What is needed: Your task is to return all of the records exactly, minus any images.
(Data to use)
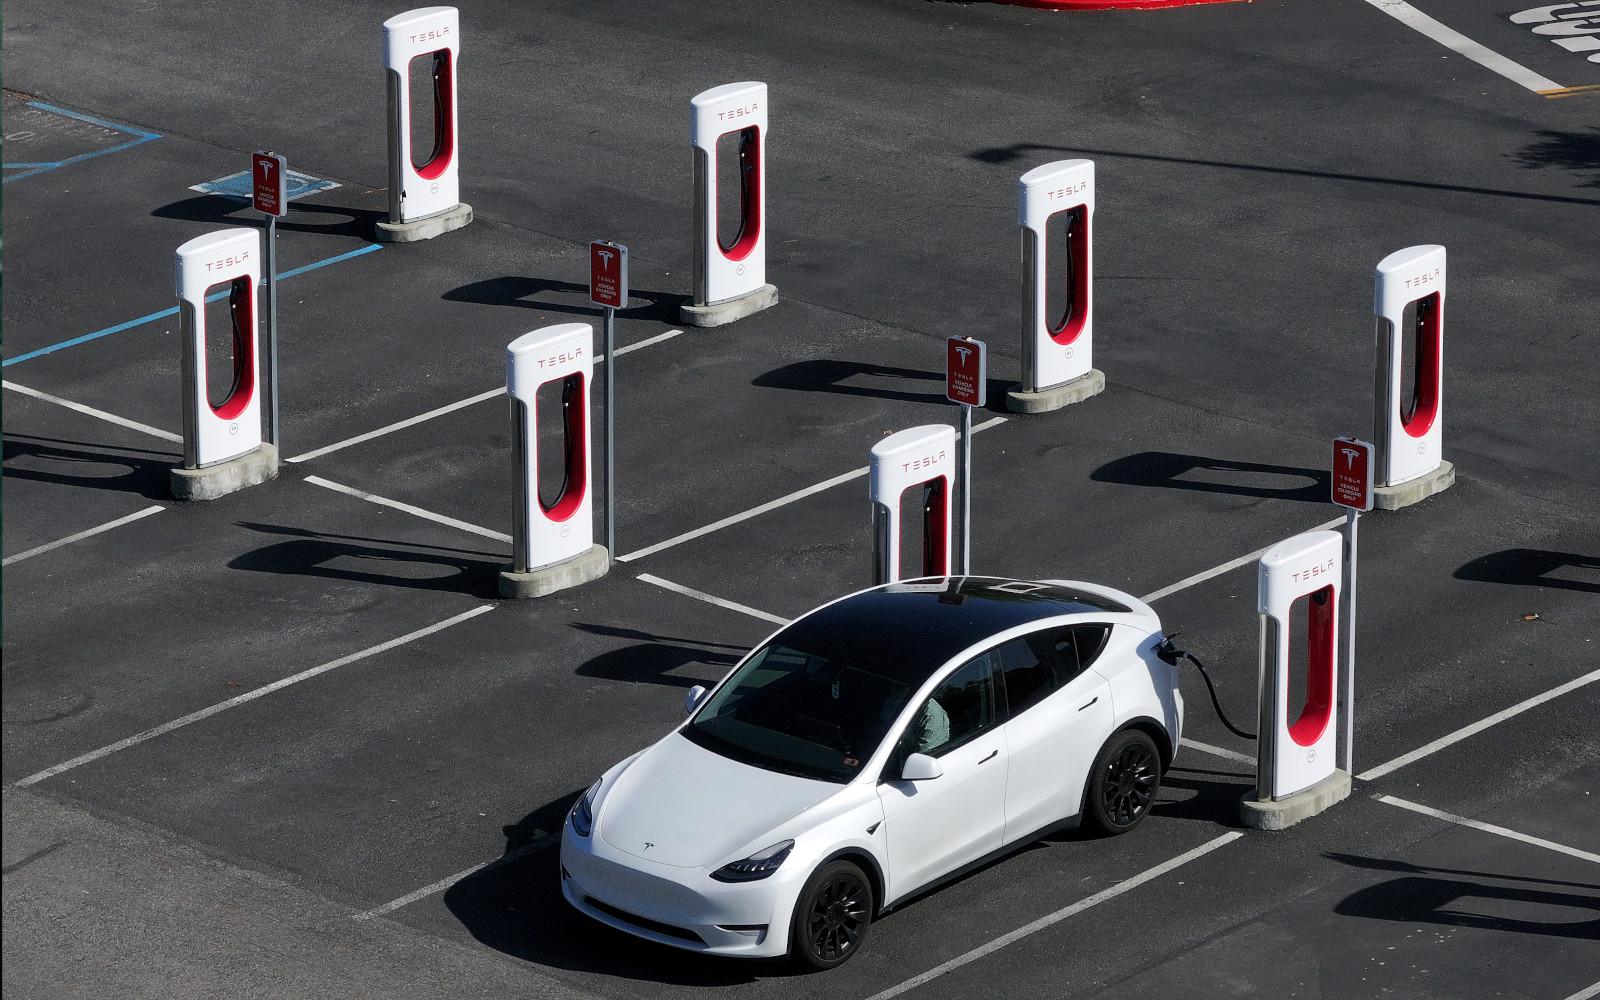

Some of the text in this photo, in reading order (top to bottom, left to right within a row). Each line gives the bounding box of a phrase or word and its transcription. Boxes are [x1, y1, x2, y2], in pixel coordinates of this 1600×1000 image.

[409, 26, 449, 44] TESLA
[718, 103, 758, 121] TESLA
[1047, 181, 1087, 200] TESLA
[205, 251, 249, 272] TESLA
[597, 275, 615, 283] TESLA
[1405, 267, 1440, 289] TESLA
[595, 287, 617, 297] CHARGING
[598, 283, 615, 291] VEHICLE
[538, 347, 582, 369] TESLA
[954, 372, 974, 380] TESLA
[952, 384, 975, 394] CHARGING
[955, 380, 972, 388] VEHICLE
[957, 390, 969, 398] ONLY
[901, 450, 946, 473] TESLA
[1339, 474, 1361, 484] TESLA
[1337, 487, 1361, 497] CHARGING
[1340, 483, 1359, 492] VEHICLE
[1292, 558, 1334, 585] TESLA
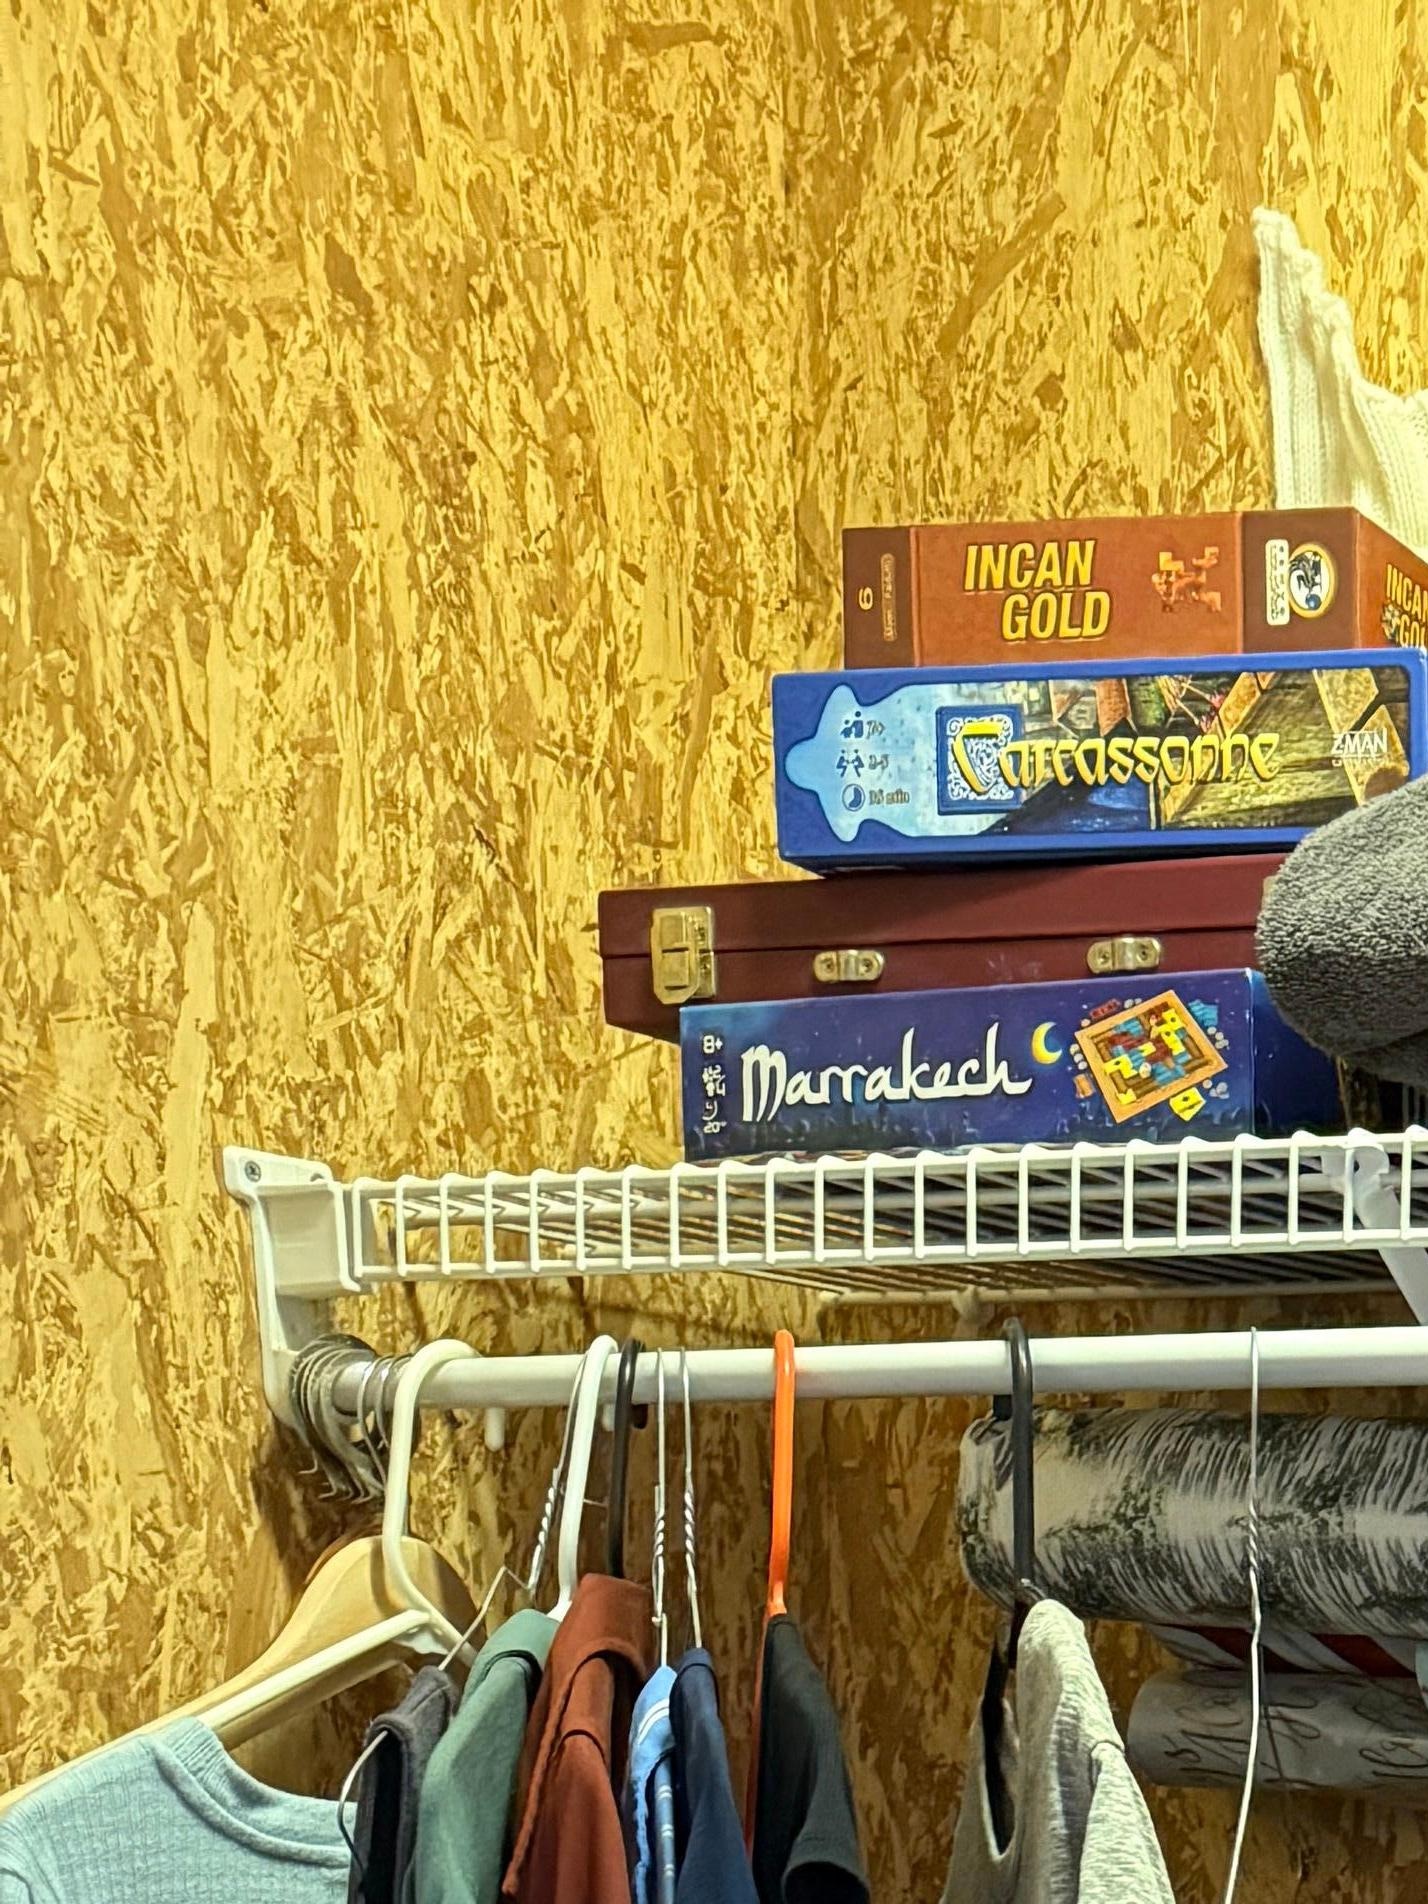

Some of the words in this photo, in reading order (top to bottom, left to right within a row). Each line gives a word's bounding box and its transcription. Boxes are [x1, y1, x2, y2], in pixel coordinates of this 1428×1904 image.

[963, 540, 1095, 592] INCAN
[1001, 591, 1111, 642] GOLD
[952, 720, 1280, 797] Carcassonne
[741, 1021, 1034, 1123] Marrakech
(End Data to use)
Answer space:
Some of the text in this photo, in reading order (top to bottom, left to right within a row). Each line gives the bounding box of a phrase or word and its transcription. Boxes are [x1, y1, x2, y2], in pixel coordinates of this 1600×1000 image.

[409, 26, 449, 44] TESLA
[718, 103, 758, 121] TESLA
[1047, 181, 1087, 200] TESLA
[205, 251, 249, 272] TESLA
[597, 275, 615, 283] TESLA
[1405, 267, 1440, 289] TESLA
[595, 287, 617, 297] CHARGING
[598, 283, 615, 291] VEHICLE
[538, 347, 582, 369] TESLA
[954, 372, 974, 380] TESLA
[952, 384, 975, 394] CHARGING
[955, 380, 972, 388] VEHICLE
[957, 390, 969, 398] ONLY
[901, 450, 946, 473] TESLA
[1339, 474, 1361, 484] TESLA
[1337, 487, 1361, 497] CHARGING
[1340, 483, 1359, 492] VEHICLE
[1292, 558, 1334, 585] TESLA

Some of the words in this photo, in reading order (top to bottom, left to right within a row). Each line gives a word's bounding box and its transcription. Boxes are [x1, y1, x2, y2], in pixel coordinates of this 1428×1904 image.

[963, 540, 1095, 592] INCAN
[1001, 591, 1111, 642] GOLD
[952, 720, 1280, 797] Carcassonne
[741, 1021, 1034, 1123] Marrakech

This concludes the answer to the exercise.